Pakistani forces broke a week-long siege around the Red Mosque in
Islamabad and stormed the complex, killing a rebel Islamist leader
and more than 50 of his militants yesterday after 15 hours of
fighting. TV reports indicate that 134 people have so far been
secured.
The Interior Ministry revealed that militants mounted a last
stand in the basement of a religious school where cleric Abdul
Rashid Ghazi was killed while trying to surrender.

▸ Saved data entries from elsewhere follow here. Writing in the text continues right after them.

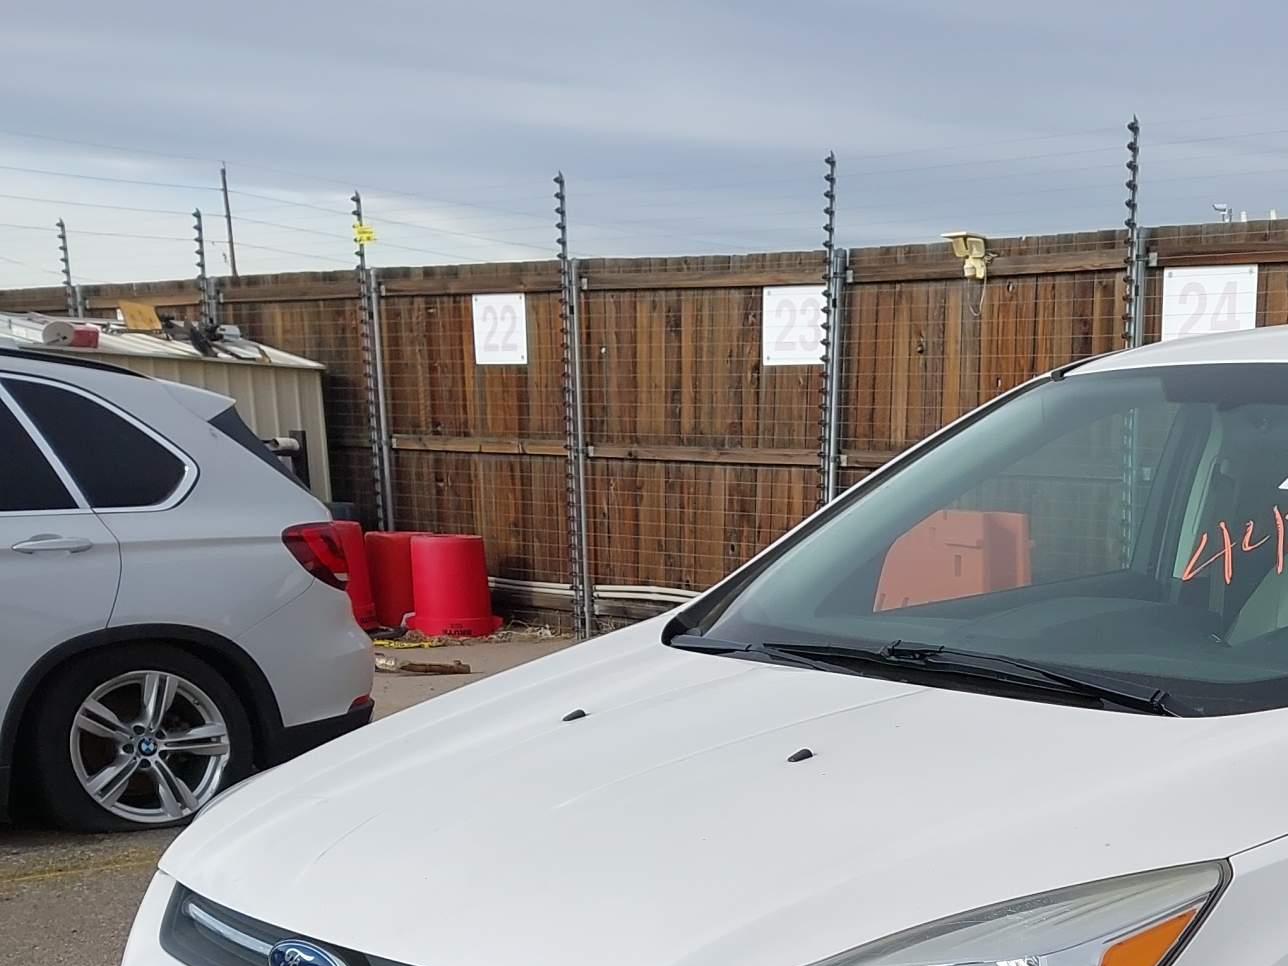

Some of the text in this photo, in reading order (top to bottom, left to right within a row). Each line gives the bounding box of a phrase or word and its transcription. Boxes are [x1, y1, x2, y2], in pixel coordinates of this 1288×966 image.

[481, 304, 518, 353] 22
[774, 297, 821, 352] 23
[1178, 281, 1241, 338] 24
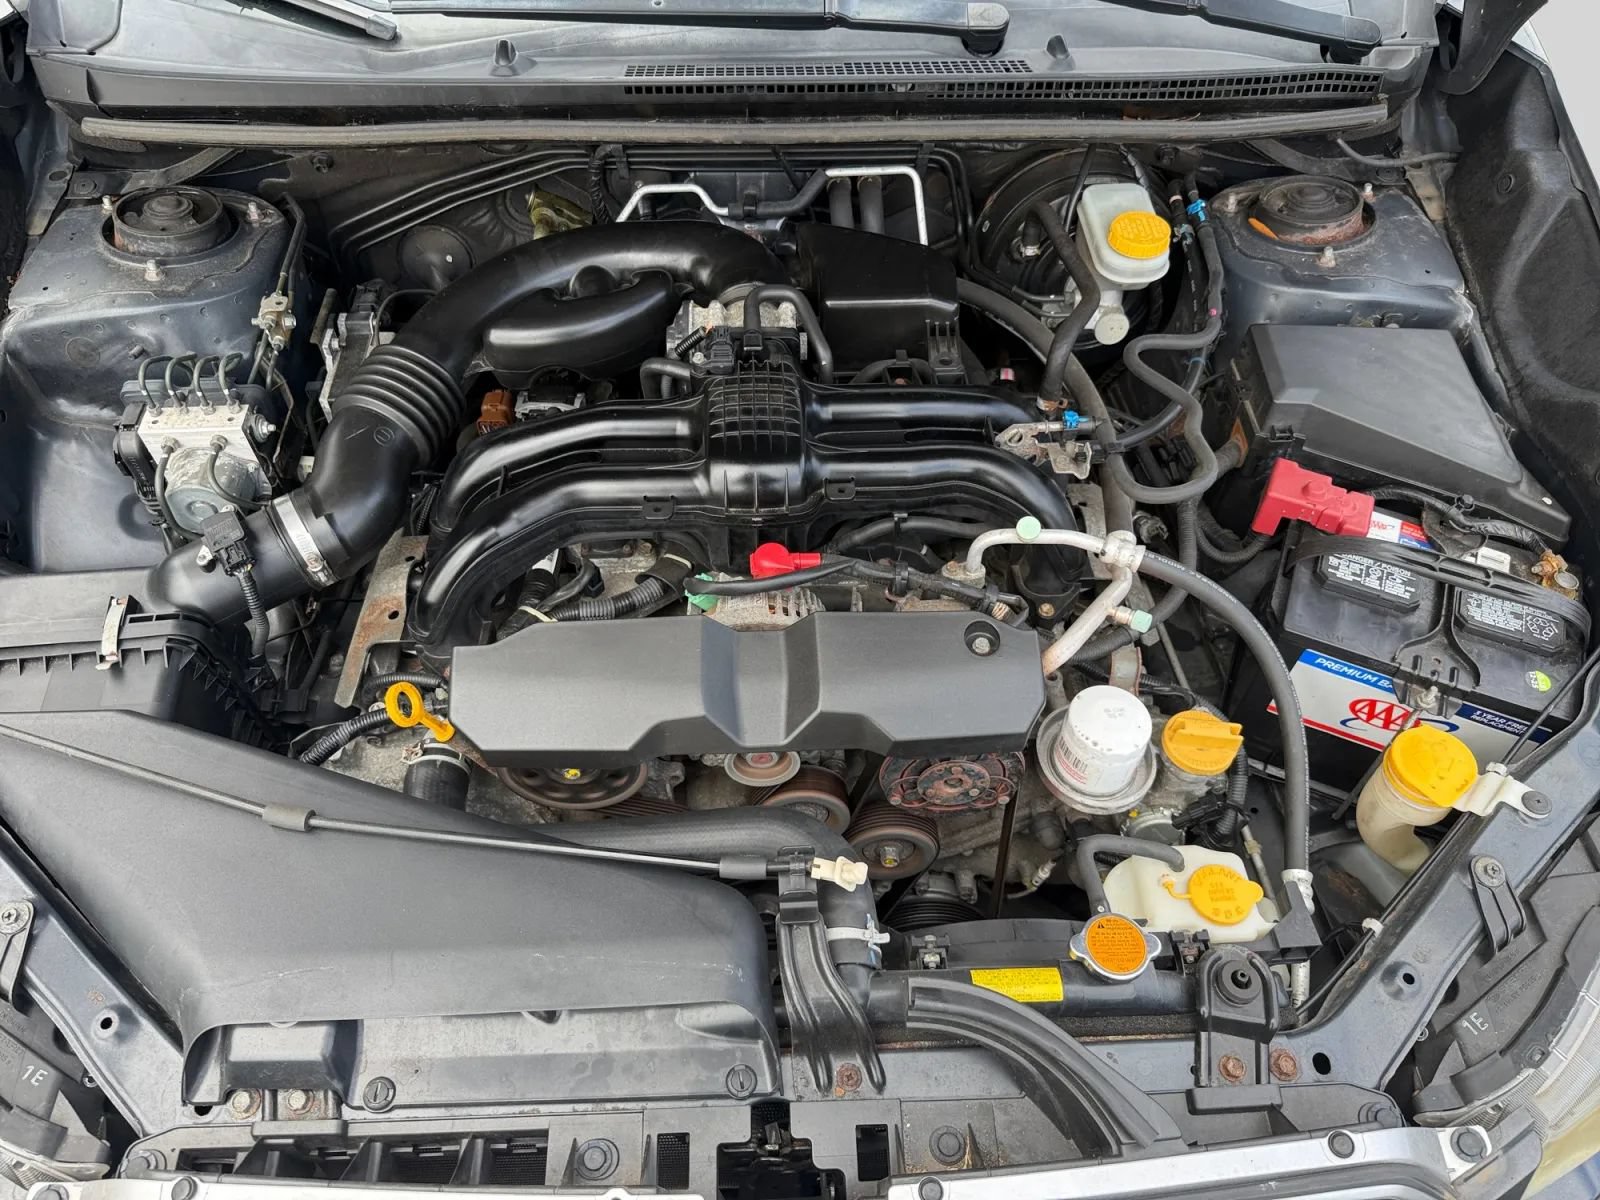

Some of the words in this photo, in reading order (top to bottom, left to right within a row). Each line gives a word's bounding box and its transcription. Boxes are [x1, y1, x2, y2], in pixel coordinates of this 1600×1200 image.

[1315, 658, 1380, 683] PREMIUM
[1350, 699, 1421, 731] AAA
[1470, 715, 1525, 735] REPLACEMENT
[1481, 713, 1507, 724] YEAR
[1462, 1012, 1489, 1036] 1E
[22, 1065, 48, 1086] 1E

"Ghazi was surrounded by the militants who did not let him
surrender and he was killed in the crossfire," Interior Ministry
spokesman Javed Iqbal Cheema said.
At least eight soldiers were killed and 29 wounded in the
assault on Lal Masjid, the Red Mosque, military spokesman
Major-General Waheed Arshad said earlier. Around 88 militants were
killed in the massive operation and fifty had been captured or had
surrendered.
Cheema added that some militants were still resisting after the
death of Ghazi.
Government officials announced that the security forces had
cleared 80 percent of the Lal Masjid compound and that the
remaining militants were holed up in Jamia Hafsa.
Umm-e-Hasaan, wife of Lal Masjid's chief cleric Maulana Abdul
Aziz and principal of Jamia Hafsa, together with his daughter Asma,
were both reported arrested on Tuesday, government officials
said.
The latest figures put at 134 people, including 85 men, 27 women
and 22 children, the number of people freed from the Lal Masjid
militants by troops in Tuesday's operation.

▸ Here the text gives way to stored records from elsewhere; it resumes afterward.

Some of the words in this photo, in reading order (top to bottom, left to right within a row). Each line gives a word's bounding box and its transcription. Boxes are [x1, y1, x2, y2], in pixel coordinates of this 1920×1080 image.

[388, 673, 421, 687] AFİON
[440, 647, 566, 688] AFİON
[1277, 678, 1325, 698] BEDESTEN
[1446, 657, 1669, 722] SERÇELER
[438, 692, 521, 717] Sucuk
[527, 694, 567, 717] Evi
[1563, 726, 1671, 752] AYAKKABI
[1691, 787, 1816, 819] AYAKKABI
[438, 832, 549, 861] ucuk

Meanwhile, the Supreme Court asked the Interior Ministry to
provide a complete list of casualties, people evacuated, arrested
and released by Friday.
"Operation Silence" started at 4 AM (7 AM, Beijing
time) yesterday with a barrage of explosions and sustained gunfire,
and news of Ghazi's death broke at around 7 PM.
The operation was protracted since the sprawling complex covers
over 70 rooms and due to the groups of militants fighting back with
machine guns and rocket-propelled grenades.
"Militants are taking positions in almost every room, they're
fighting from room to room, they have positions in the basement, on
the stairs," Arshad said.
The military did not go all-out in the assault out of a desire
to spare the many women and children inside the complex.
Although dozens of women and children were retrieved, officials
said hundreds in total could be inside and that many women had been
fervent defenders of the dead cleric.
Six of the children said they had been held in the basement but
escaped after their guards disappeared, stated Arshad, adding that
in the early afternoon explosions were still to be heard at the
mosque with militants firing down on troops from the minarets.
Commandos supported by paramilitary troops first secured the
mosque, before eliminating resistance on the roof of the nearby
madrassah before working their way down.
Tension was high amidst fears that the militants might resort to
suicide bombings after militants had been seen with explosive vests
on Monday.
Before the assault began, at least 21 people had been killed
during the weeklong standoff which derived after months of threats
between the mosque's hardline clerics and the government.
The Red Mosque has been a center of militancy for years, known
for backing the Taliban and opposing President Pervez Musharraf's
alliance with the United States.
The government had demanded the unconditional surrender of Ghazi
and scores of his hardcore fighters, who authorities said included
wanted militants.
(China Daily via agencies, Xinhua News Agency July 11,
2007)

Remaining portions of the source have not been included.